Stored data:
= Beginning of Section =

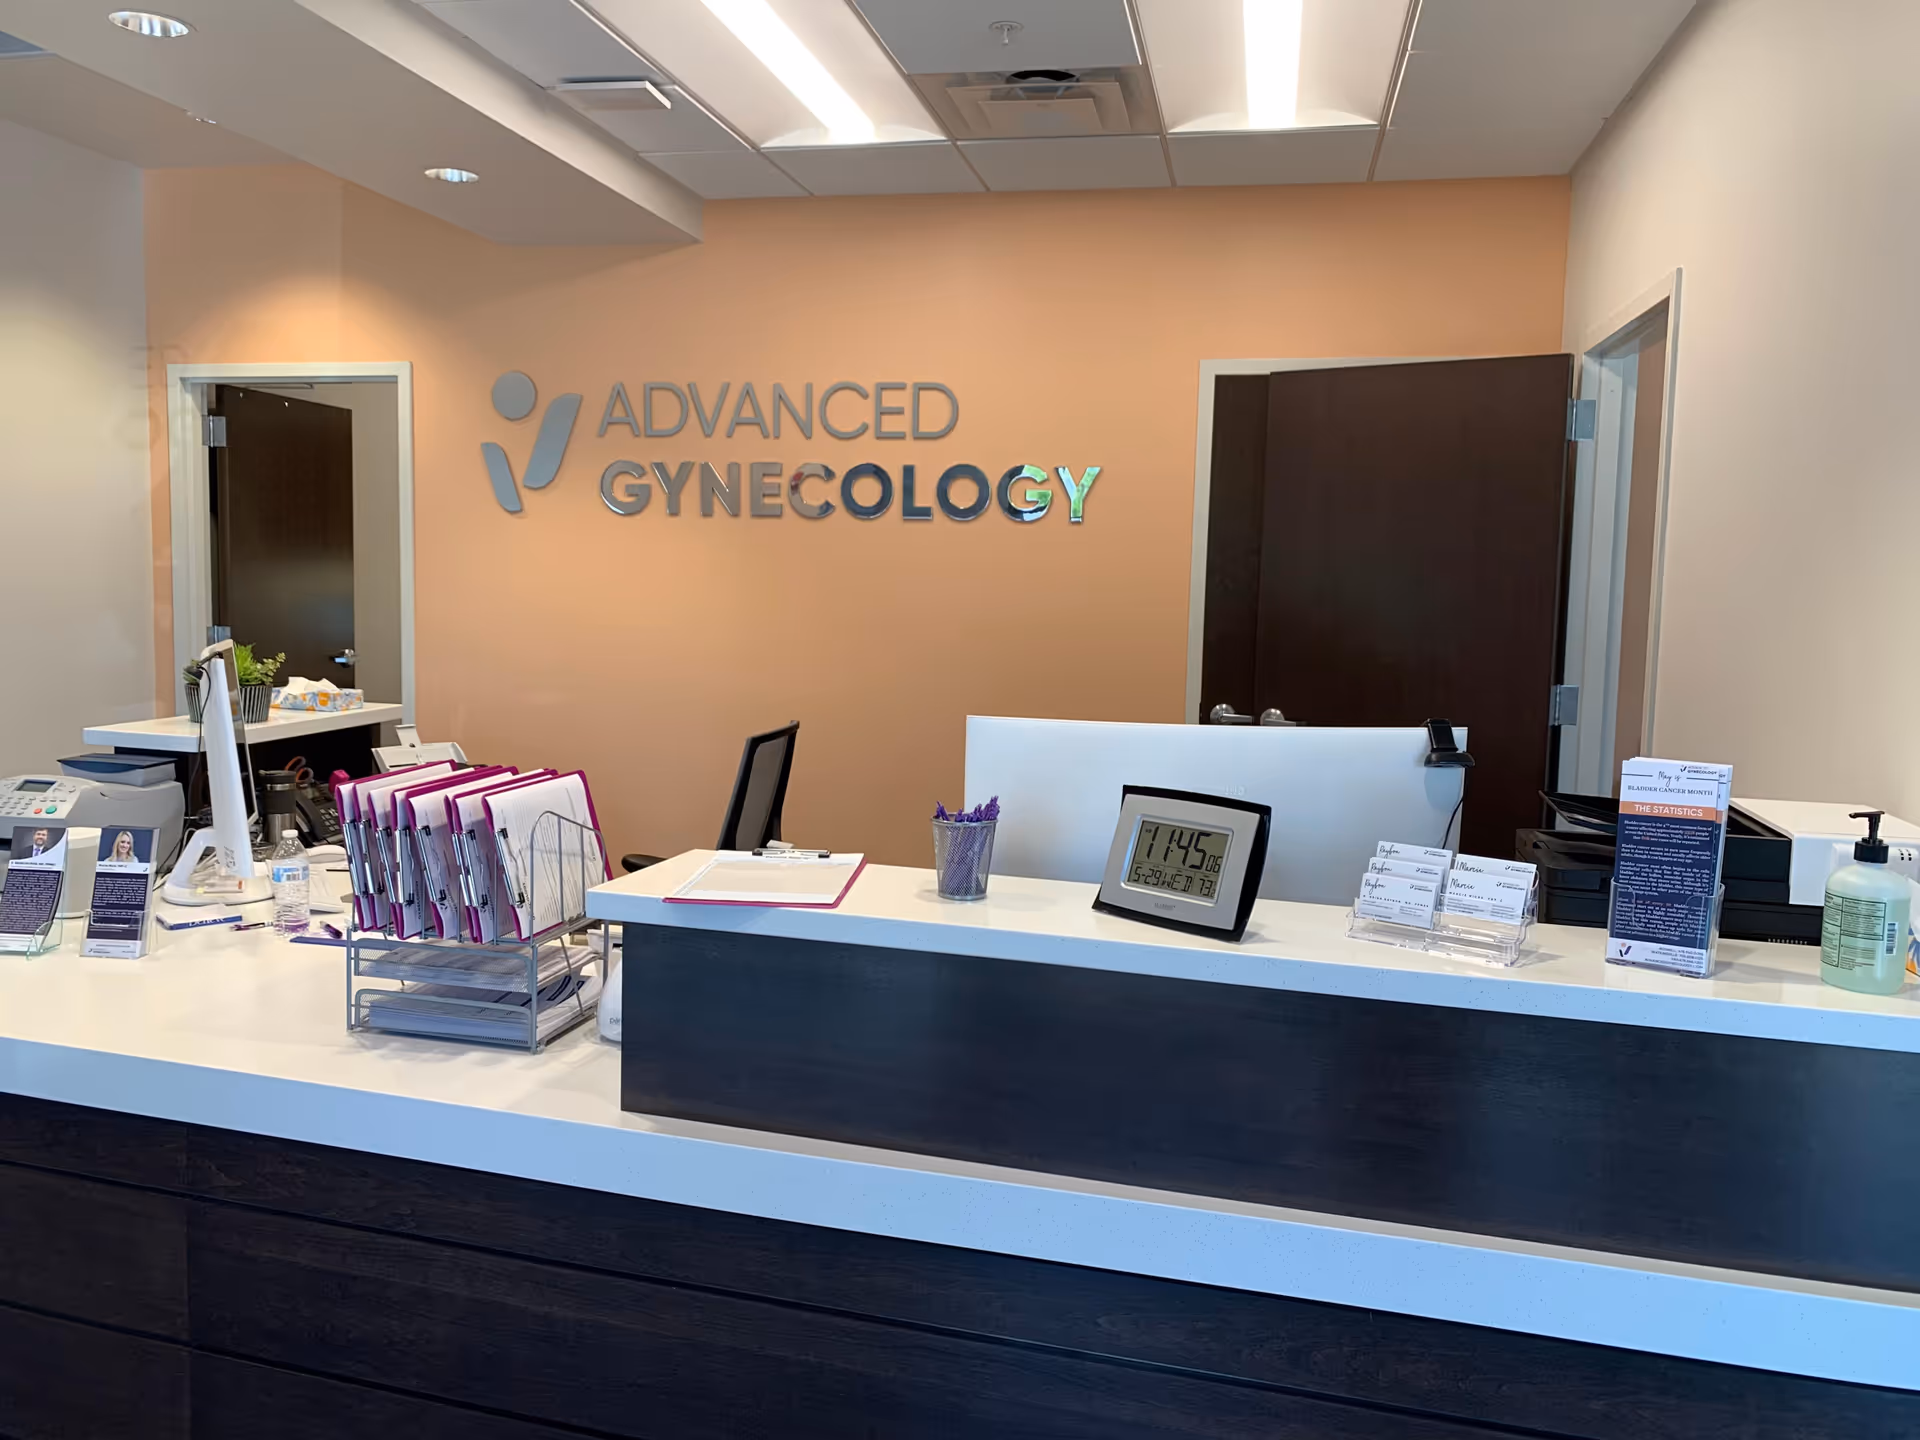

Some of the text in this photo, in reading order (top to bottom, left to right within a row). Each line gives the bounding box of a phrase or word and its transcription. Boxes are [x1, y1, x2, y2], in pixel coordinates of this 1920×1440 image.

[598, 380, 959, 441] ADVANCED
[600, 459, 1102, 524] GYNECOLOGY
[1658, 771, 1672, 787] May
[1634, 804, 1703, 817] THE STATISTICS
[1146, 826, 1213, 870] 11:45
[1205, 855, 1223, 873] 06
[1133, 866, 1162, 886] 5-29
[1161, 872, 1193, 892] WED
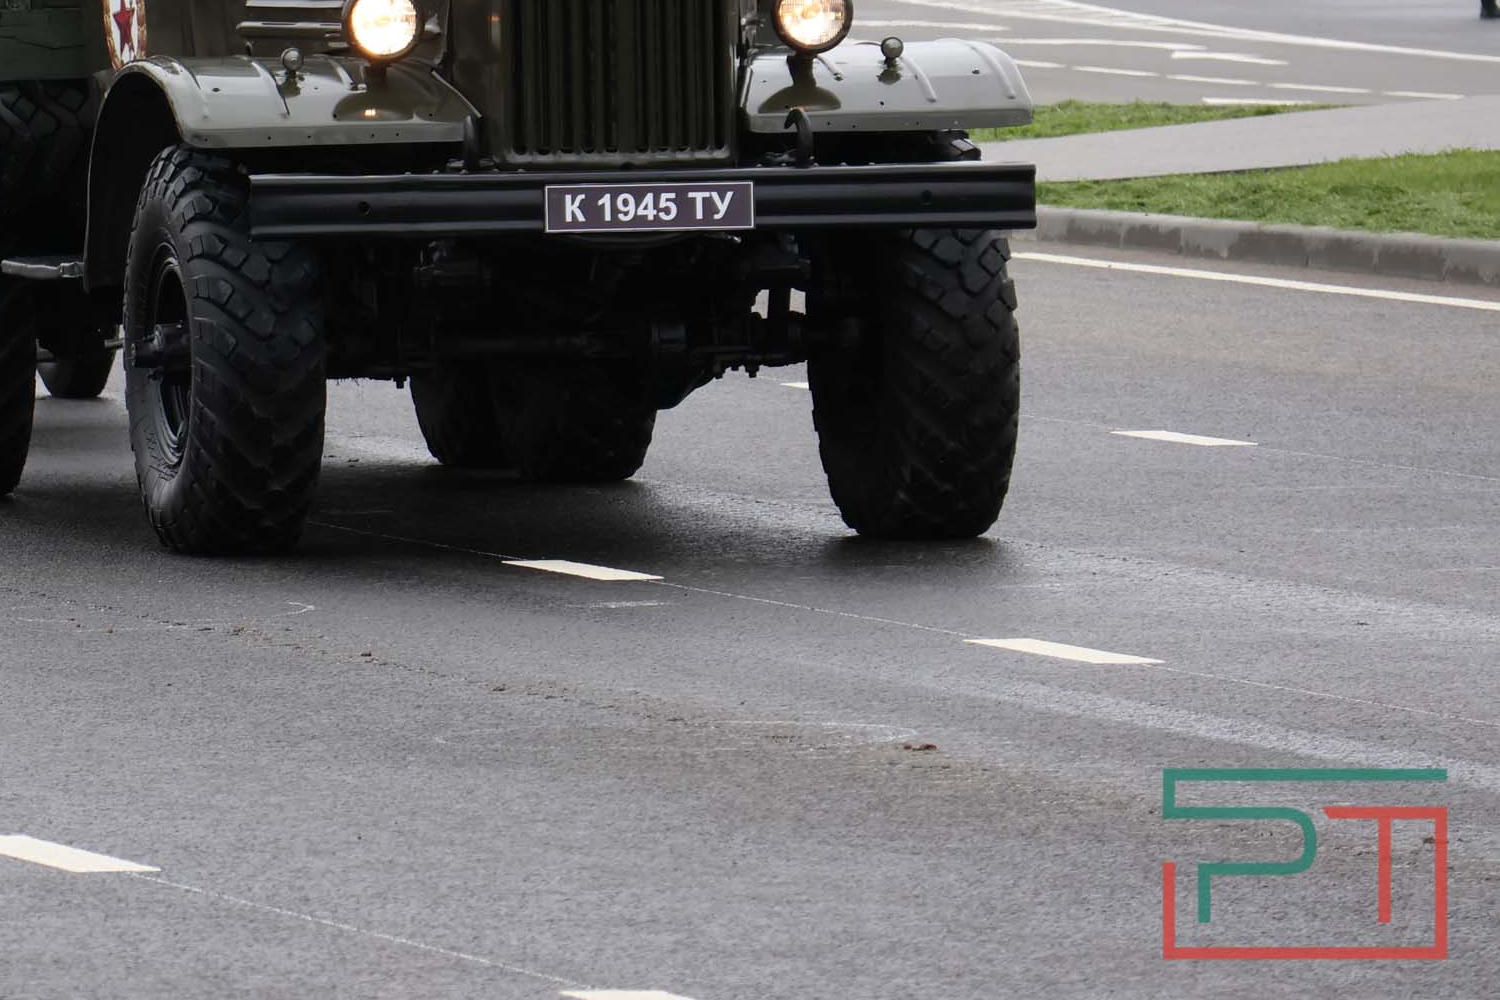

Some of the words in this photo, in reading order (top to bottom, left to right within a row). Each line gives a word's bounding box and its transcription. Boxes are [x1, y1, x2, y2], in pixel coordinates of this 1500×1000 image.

[564, 194, 586, 222] К
[597, 192, 677, 222] 1945
[687, 191, 734, 220] ТУ

= End of Section =

Problem description » Write out each entry above once more, exactly as written, and drop the pictures.

Output below »
Some of the text in this photo, in reading order (top to bottom, left to right within a row). Each line gives the bounding box of a phrase or word and its transcription. Boxes are [x1, y1, x2, y2], in pixel coordinates of this 1920×1440 image.

[598, 380, 959, 441] ADVANCED
[600, 459, 1102, 524] GYNECOLOGY
[1658, 771, 1672, 787] May
[1634, 804, 1703, 817] THE STATISTICS
[1146, 826, 1213, 870] 11:45
[1205, 855, 1223, 873] 06
[1133, 866, 1162, 886] 5-29
[1161, 872, 1193, 892] WED

Some of the words in this photo, in reading order (top to bottom, left to right within a row). Each line gives a word's bounding box and its transcription. Boxes are [x1, y1, x2, y2], in pixel coordinates of this 1500×1000 image.

[564, 194, 586, 222] К
[597, 192, 677, 222] 1945
[687, 191, 734, 220] ТУ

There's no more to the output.